My better Lou story took place at Rudy's Music Stop somewhere in the mid-eighties. 48th street was known for its music stores, and while there were big famous ones like Sam Ash and Manny's, when I worked near that neighborhood and was in a band I usually went to Rudy's Music Stop, a smaller one, to get guitar strings and so forth. They specialized in Schecter guitars, one of which I had (and still have), and Reed was Schecter's most famous customer. One day on my lunch break I went there to look at some pickups I was thinking of adding to my guitar, and Reed was sitting on a fold-up chair, alone in a store that would have been crowded with seven people in it. You know how sometimes you see a celebrity in day-to-day life and you're not sure whether it's really the person you think it is? With Lou Reed, there was absolutely no question who was sitting there with a black T-shirt and black jeans faded to two different shades of gray.
I didn't want to be a gushing fan boy and tried to act like a cool New York musician guy, with plenty of inspiration for this three feet away from me. There was an empty, open guitar case across the counter of the store's main glass case, and I had to lean down to peer under it at the pickups that I was interested in, and Reed jumped up said "Oh, let me move that for you." I guess he was waiting for them to do some work on the case's contents in the back room; I took the opportunity to say that I had seen him the previous April at the Ritz (after it moved to the former Studio 54—it was his Blue Mask tour) and that he had an amazing band with him: Robert Quine, another hero of mine, on lead guitar; Fred Maher on drums, and Fernando Saunders on bass. Lou said "Thanks, man" and I left it at that.
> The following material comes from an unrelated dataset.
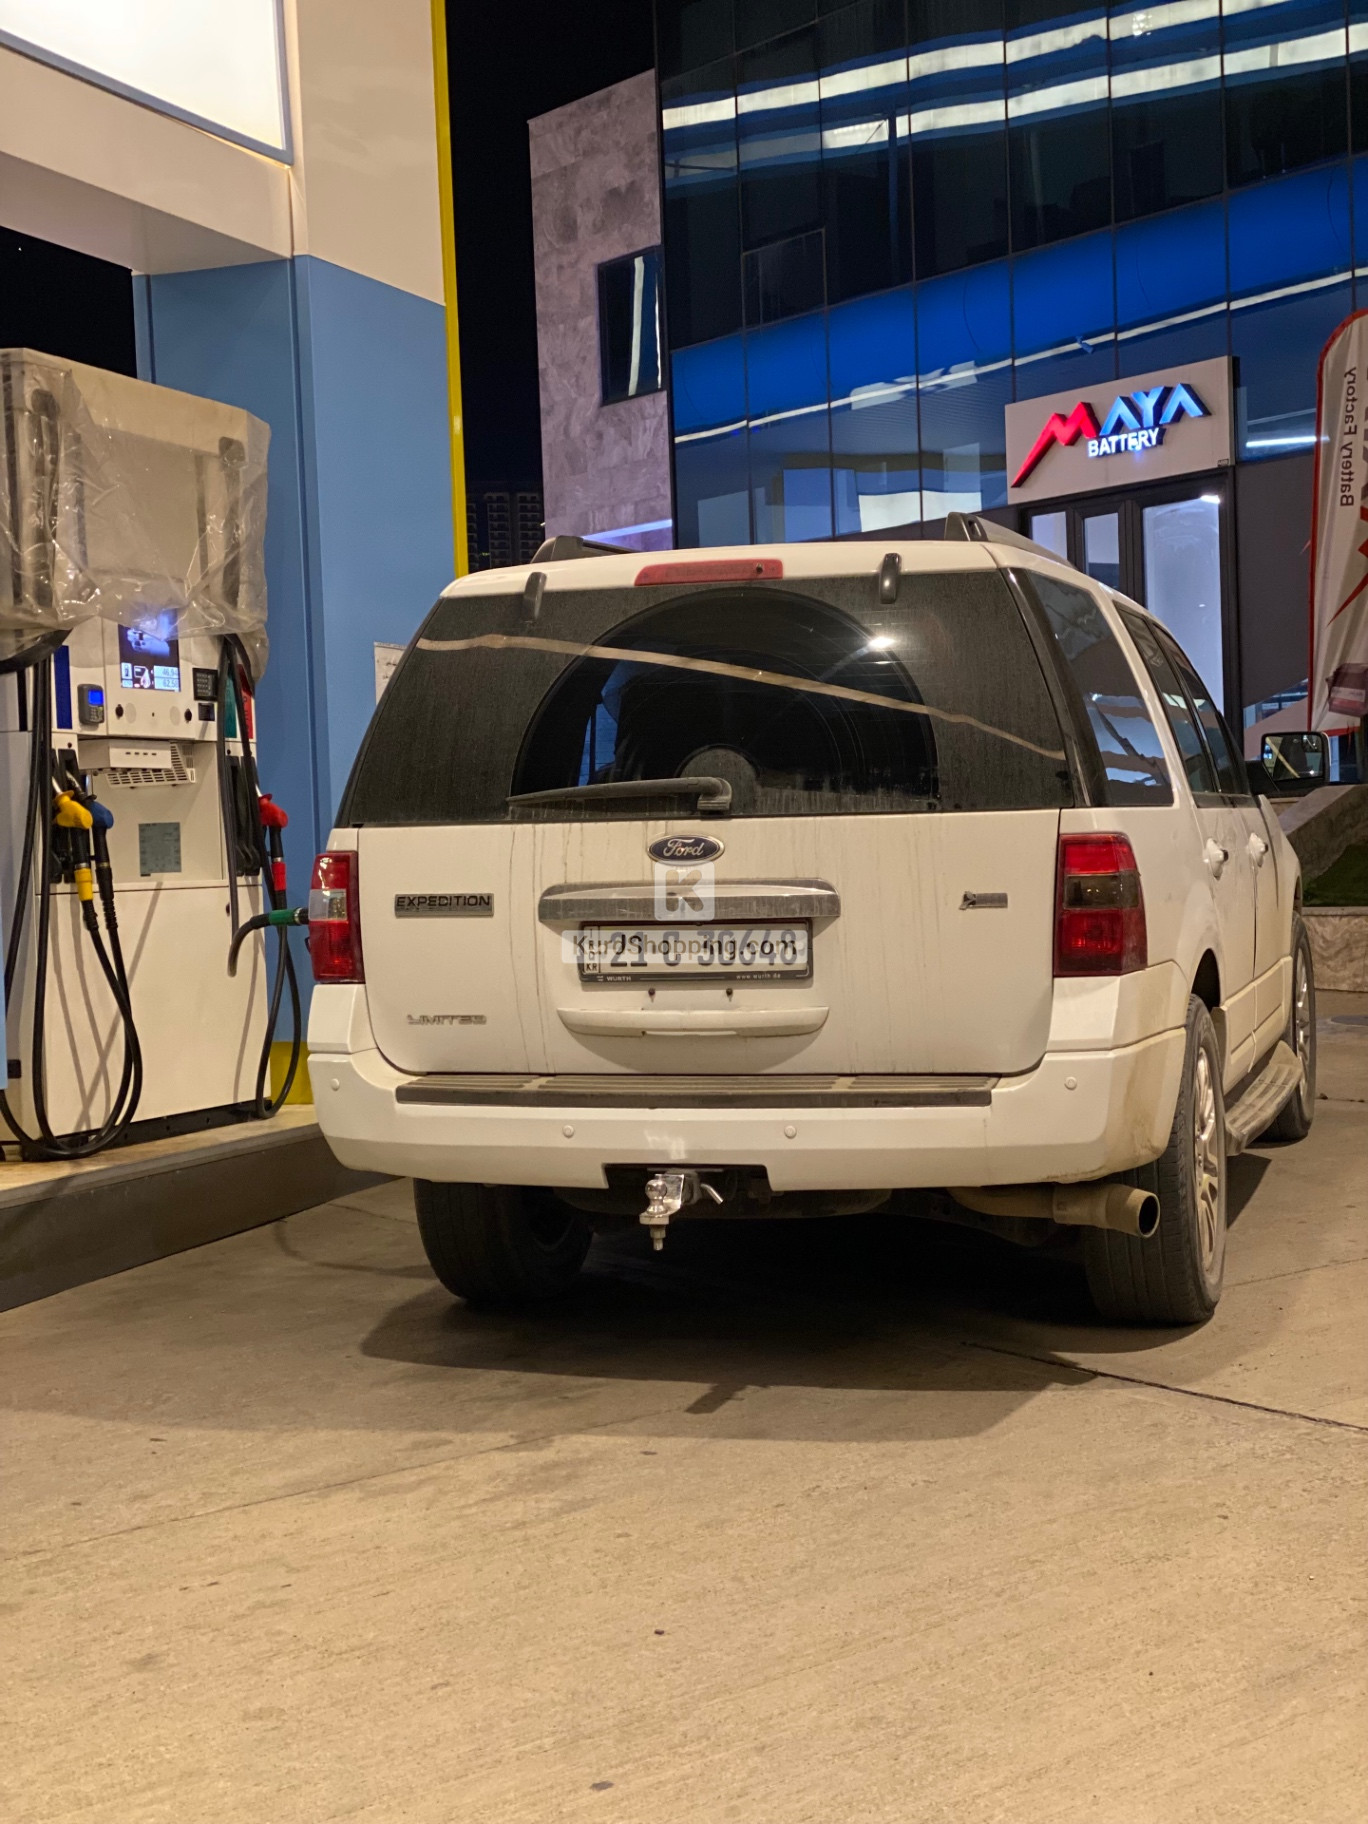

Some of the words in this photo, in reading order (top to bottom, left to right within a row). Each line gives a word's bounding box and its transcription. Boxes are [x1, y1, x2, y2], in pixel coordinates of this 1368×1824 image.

I've certainly heard stories of him being an asshole to people, but I'll never forget him jumping up to move his guitar case for me. I'll also never forget how I found "White Light White Heat" in a local record store cutout bin when I was 16 and thought "this is Lou Reed's old band, before he put out 'Walk on the Wild Side' and 'Rock and Roll Animal'" and how I brought it home, put it on, and learned—as I learned from William Burroughs around the same time—that there was a much bigger world out there than I had imagined. And I'll never forget how, since then, Reed put out enough great music to guarantee his historical importance even if there had never been a Velvet Underground: Street Hassle, The Blue Mask, Magic and Loss, and the solo albums before I discovered the Velvet Underground: Transformer, Coney Island Baby, Berlin, and all the ones in between. I saw him perform live four times, and he was always mesmerizing and always rocked very, very hard.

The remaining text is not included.